You may want to look at travis failures some of them looks to be related.

roshannaik · 2017-07-25T21:36:09Z

@avermeer Looks like SuperChief blog is relaying the same basic claims that Heron has marketed. Since you ask, i will share my opinions wrt Heron's claims.

Heron has never been a player in the high performance club. They have been smart about not comparing themselves with the real top performers of the day. I only included them here because they have made much noise against Storm, otherwise not interesting in a perf shootout.
They are smart about not mentioning which version of Storm they are comparing with (how does a paper with such critical info missing get accepted ?). That creates an illusion in people that their perf claims apply to all versions of Storm in general... even if Storm publishes new perf numbers comparing itself to a prior version.
Heron's threading model (1 thread per process.. based on what i gather from their articles), is really primitive for this application domain. I don't recommend it, but by setting 'topology.workers' equal to the number of spout& bolt instances, Storm can be run in Heron mode.
I find it much easier to debug a process with multiple components using a debugger rather starting separate debuggers for every instance of spout/bolt. Also, I would imagine, having so many processes means you have an explosion of log files to deal with when triaging.
Unclear why the recovery model (when worker process crashes) is any better ... the same kind of replay from the spout would be required. The gains may be minor if any. Making minor optimizations to the failure path and penalizing the normal operation path... is backwards.
Cant get a stack from a Storm worker ? Thats clearly false. Try it yourself. I do it all the time. Heapdumps, on the other hand, can stall the worker and if the heap size is really large the supervisor might feel the worker is having a problem. There are timeouts that you can increase to for the supervisor to wait longer. I cant imagine that Heron doesn't monitor their workers and restart them if they are not responsive.
Heron's Backpressure model is simply too overweight, but marketed as a novel idea.
A quick read of their latest perf blog, noted in the comparison, and it was evident that they missed recognizing their real perf problem.

HeartSaVioR · 2017-07-25T23:26:59Z

@roshannaik
First of all, great work! The numbers are impressive.

Before going into this deeply, I would like to see the comparison between current master branch vs this patch (say, before and after) so that we can see the impact of the patch clearly. IMO this kind of comparison is required basically on every performance patch.

@revans2 brought awesome analysis when introducing disruptor batching.
#765 (comment)
#765 (comment)

It should be great if we can see similar analysis for this patch too, only if you don't really mind. You can put your analysis with details on it.

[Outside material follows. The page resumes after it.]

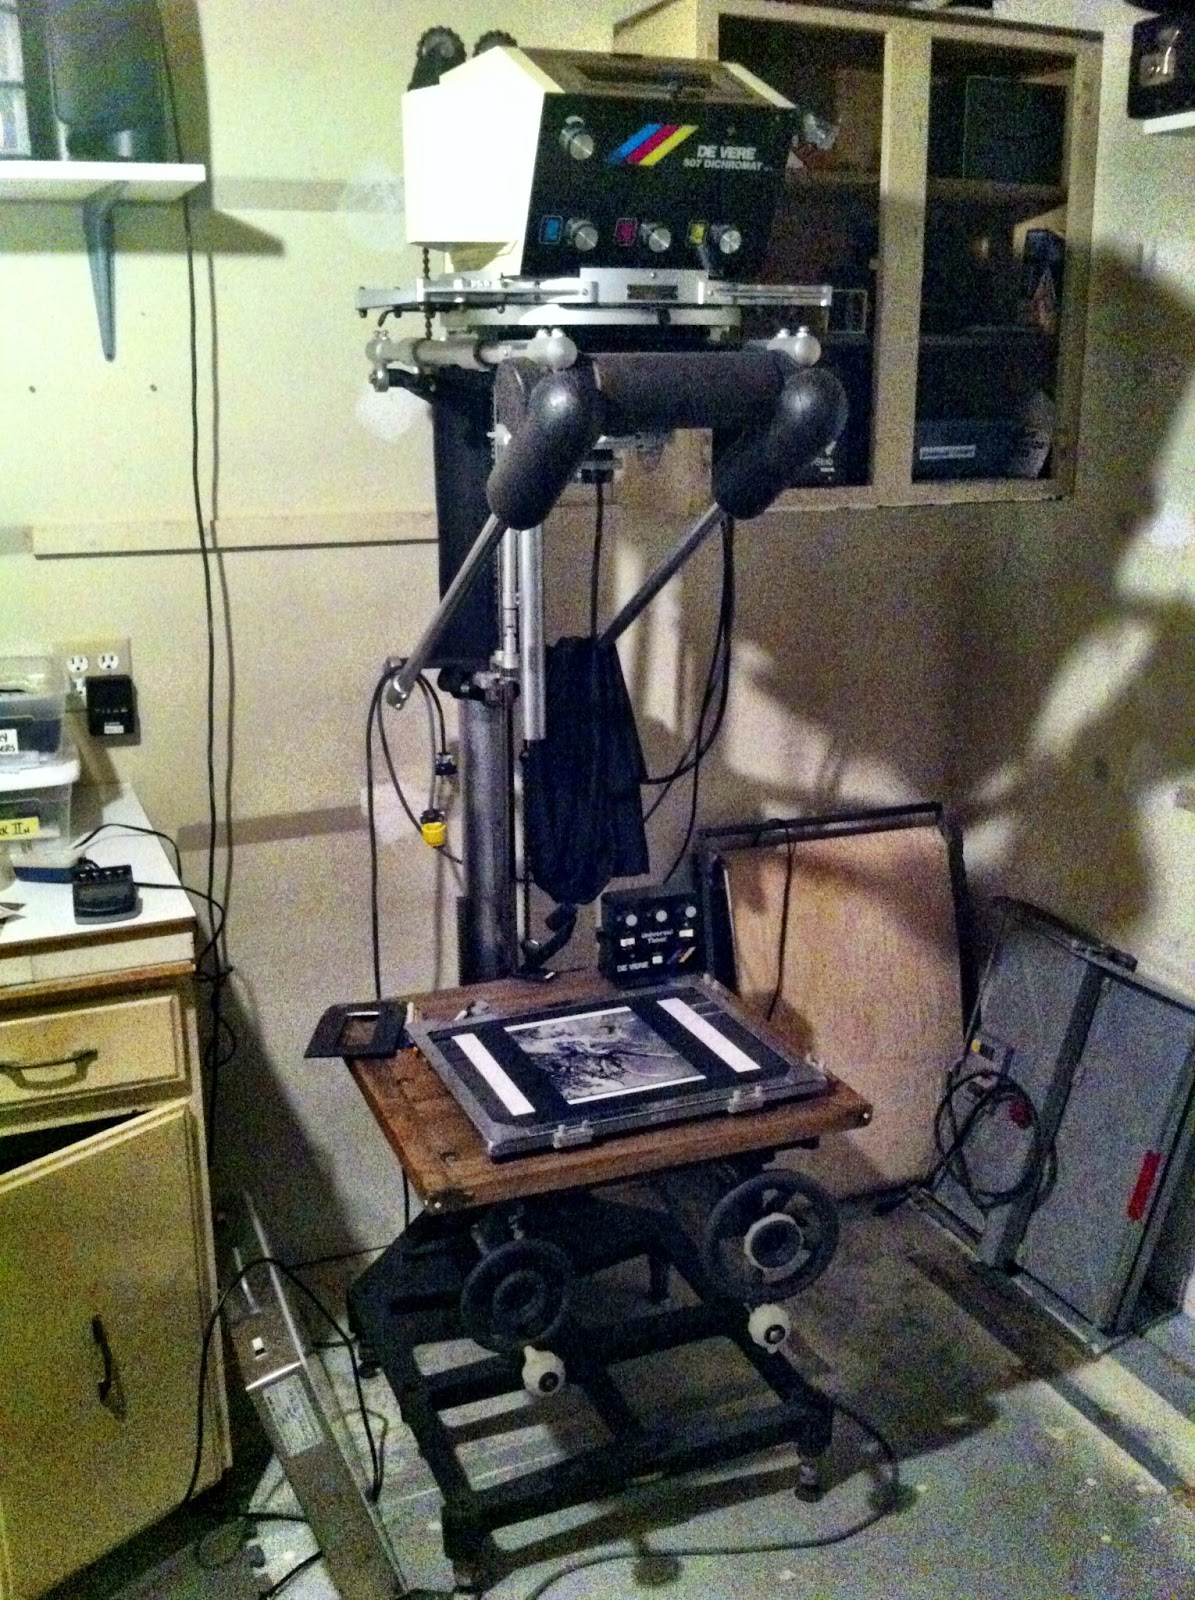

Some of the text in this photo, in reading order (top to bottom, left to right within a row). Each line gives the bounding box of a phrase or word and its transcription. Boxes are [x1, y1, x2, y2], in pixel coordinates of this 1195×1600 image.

[697, 144, 757, 160] DE VERE
[703, 159, 763, 171] DICHROMAT
[641, 928, 674, 939] Universal
[616, 960, 649, 972] DE VERE

ptgoetz · 2017-07-25T23:42:04Z

Let's not be too hard on the Heron community. Yes, in the past they've not been exactly friendly in terms of marketing and technical claims, but now that Heron is incubating as an Apache project (full disclosure: I'm a mentor), there's a chance that that might change. A collaborative relationship with the Heron community has potential benefit, an adversarial one not so much.

HeartSaVioR · 2017-07-25T23:54:20Z

@avermeer
As @roshannaik stated, we addressed many parts of performance bottleneck on Storm 1.0.0. The paper about Heron and blog post on SuperChief referred old version of Storm so it doesn't even hold for 1.0.0.
(Yes I understand they can't pick 1.0.0 to compare since 1.1.0 is released at Apr. 2016.)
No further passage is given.